Purpose: This study seeks to investigate the fundamental molecular processes through which histone deacetylase 9 (HDAC9) governs the proliferation of glomerular mesangial cells in the context of immunoglobulin A nephropathy (IgAN) and to identify novel targets for clinical research on IgAN.

Methods: Data from high-throughput RNA sequencing for IgAN were procured from the Gene Expression Omnibus database to assess the expression profiles and clinical diagnostic significance of histone deacetylase family proteins (HDACs). Blood samples from 20 IgAN patients were employed in RT-qPCR analysis, and the spearman linear regression method was utilized to analyze the clinical correlation. The proliferation of glomerular mesangial cells (GMCs) under the influence of HDAC9 was examined using the 5-ethynyl-2'-deoxyuridine (EdU) assay. Proteins interacting with HDAC9 were predicted utilizing the STRING database. Immunoprecipitation and protein immunoblotting employing anti-acetylated lysine antibodies were conducted to determine the acetylation status of calmodulin-like protein 6 (CALML6).

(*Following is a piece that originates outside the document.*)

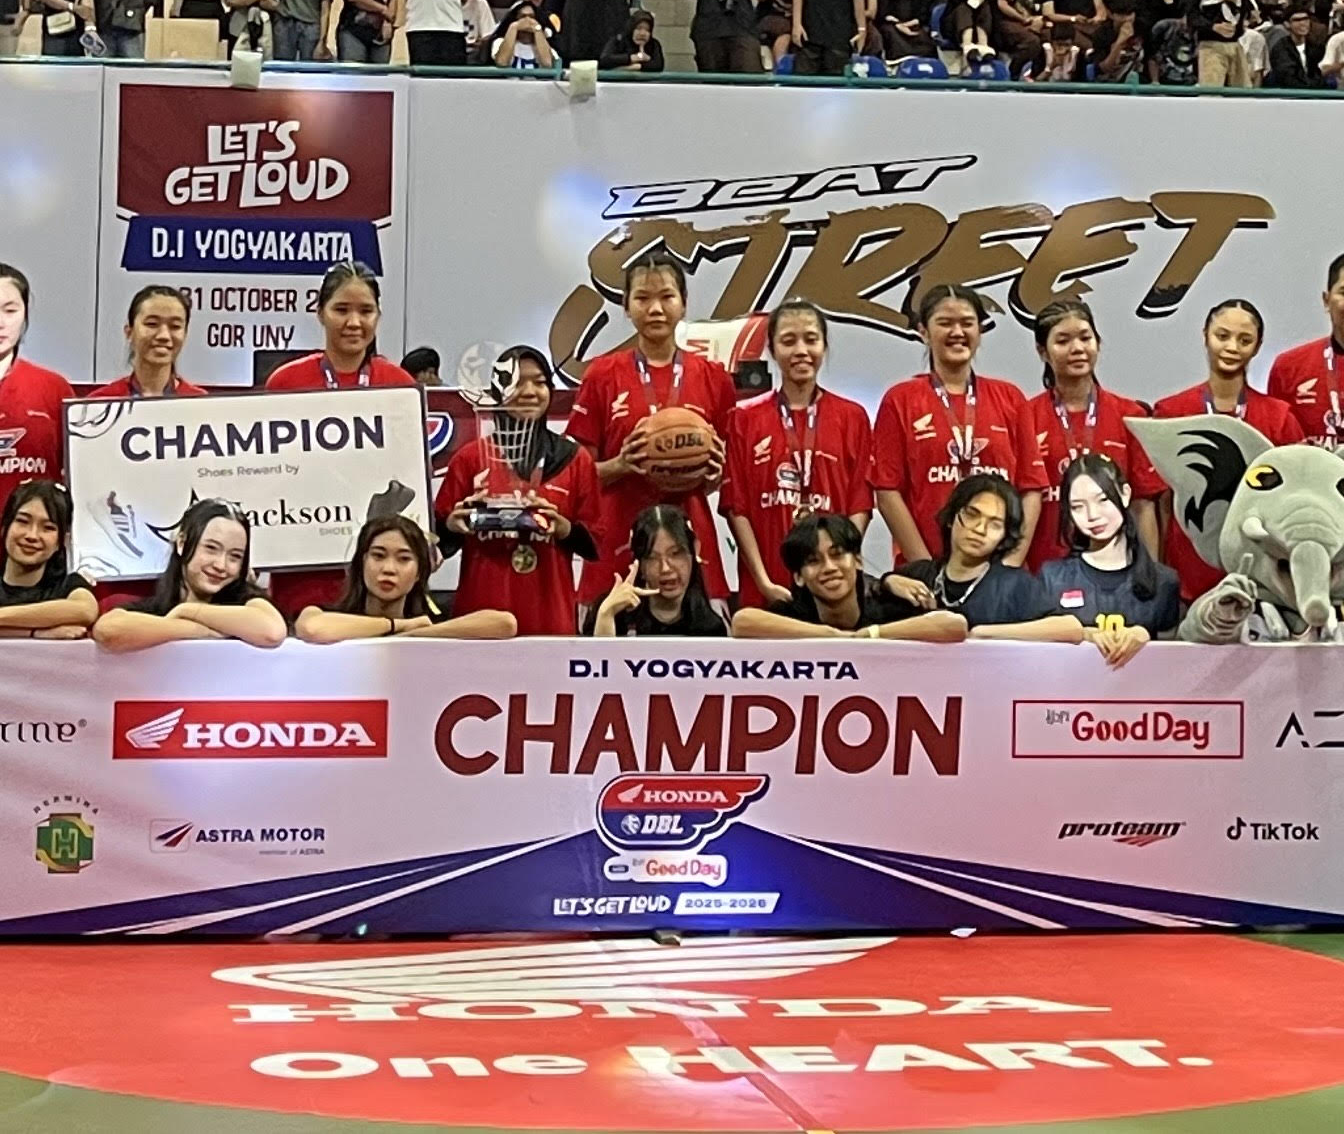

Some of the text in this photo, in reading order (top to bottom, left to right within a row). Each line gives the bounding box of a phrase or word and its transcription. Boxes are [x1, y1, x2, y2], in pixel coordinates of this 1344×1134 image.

Results: Analysis of the GSE141295 dataset revealed a significant upregulation of HDAC9 expression in IgAN and the results of RT-qPCR demonstrated a substantial increase in HDAC9 expression in IgAN patients. Receiver operating characteristic (ROC) analysis indicated that the area under the curve (AUC) value for HDAC9 were 0.845 and Spearman correlation analysis showed that HDAC9 expression was positively correlated with blood levels of blood urea nitrogen (BUN) and serum creatinine (Crea). The EdU cell proliferation assay indicated that HDAC9 facilitated the excessive proliferation of GMCs. The STRING database and recovery experiments identified CALML6 as a downstream effector of HDAC9 in controlling abnormal GMC multiplication. Co-immunoprecipitation assays demonstrated that HDAC9 modulates CALML6 expression through acetylation modification.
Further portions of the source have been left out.